■ Your task
Setting aside any pictures, reproduce the data exactly.

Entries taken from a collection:
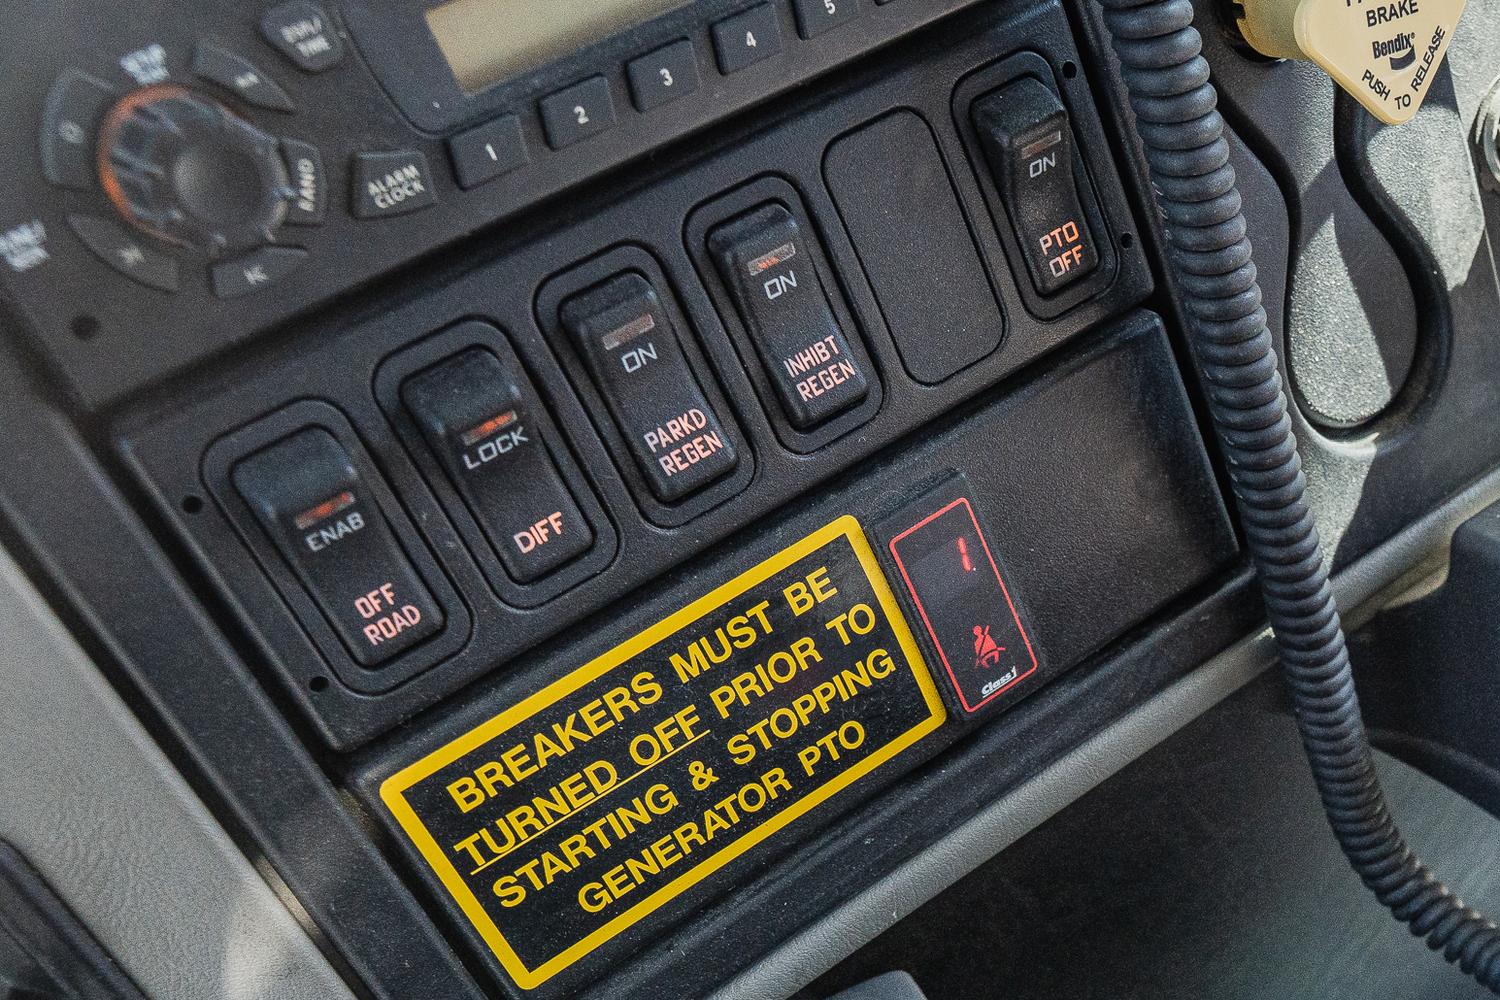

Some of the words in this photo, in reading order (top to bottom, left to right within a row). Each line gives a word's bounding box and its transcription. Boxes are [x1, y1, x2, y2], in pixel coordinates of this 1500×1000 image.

[1366, 0, 1419, 27] BRAKE
[745, 31, 757, 48] 4
[658, 68, 673, 87] 3
[1362, 69, 1390, 101] PUSH
[1395, 94, 1411, 110] TO
[1411, 25, 1446, 92] RELEASE
[573, 105, 589, 124] 2
[485, 143, 498, 161] 1
[1029, 152, 1056, 178] ON
[367, 164, 420, 196] ALARM
[375, 180, 425, 208] CLOCK
[1039, 221, 1080, 256] PTO
[1049, 244, 1083, 278] OFF
[763, 271, 798, 300] ON
[621, 343, 658, 373] ON
[783, 335, 841, 379] INHIBT
[796, 359, 856, 401] REGEN
[462, 426, 529, 469] LOCK
[644, 408, 707, 453] PARKD
[658, 430, 724, 476] REGEN
[306, 512, 365, 551] ENAB
[513, 512, 563, 554] DIFF
[354, 583, 396, 619] OFF
[363, 605, 421, 646] ROAD
[446, 670, 663, 814] BREAKERS
[670, 603, 774, 685] MUST
[790, 566, 839, 619] BE
[453, 759, 618, 868] TURNED
[629, 705, 702, 763] OFF
[716, 636, 823, 718] PRIOR
[825, 603, 878, 650] TO
[492, 783, 679, 908] STARTING
[690, 761, 719, 792] &
[733, 648, 896, 763] STOPPING
[577, 767, 792, 914] GENERATOR
[798, 720, 865, 777] PTO

■ Finished task
Some of the words in this photo, in reading order (top to bottom, left to right within a row). Each line gives a word's bounding box and its transcription. Boxes are [x1, y1, x2, y2], in pixel coordinates of this 1500×1000 image.

[1366, 0, 1419, 27] BRAKE
[745, 31, 757, 48] 4
[658, 68, 673, 87] 3
[1362, 69, 1390, 101] PUSH
[1395, 94, 1411, 110] TO
[1411, 25, 1446, 92] RELEASE
[573, 105, 589, 124] 2
[485, 143, 498, 161] 1
[1029, 152, 1056, 178] ON
[367, 164, 420, 196] ALARM
[375, 180, 425, 208] CLOCK
[1039, 221, 1080, 256] PTO
[1049, 244, 1083, 278] OFF
[763, 271, 798, 300] ON
[621, 343, 658, 373] ON
[783, 335, 841, 379] INHIBT
[796, 359, 856, 401] REGEN
[462, 426, 529, 469] LOCK
[644, 408, 707, 453] PARKD
[658, 430, 724, 476] REGEN
[306, 512, 365, 551] ENAB
[513, 512, 563, 554] DIFF
[354, 583, 396, 619] OFF
[363, 605, 421, 646] ROAD
[446, 670, 663, 814] BREAKERS
[670, 603, 774, 685] MUST
[790, 566, 839, 619] BE
[453, 759, 618, 868] TURNED
[629, 705, 702, 763] OFF
[716, 636, 823, 718] PRIOR
[825, 603, 878, 650] TO
[492, 783, 679, 908] STARTING
[690, 761, 719, 792] &
[733, 648, 896, 763] STOPPING
[577, 767, 792, 914] GENERATOR
[798, 720, 865, 777] PTO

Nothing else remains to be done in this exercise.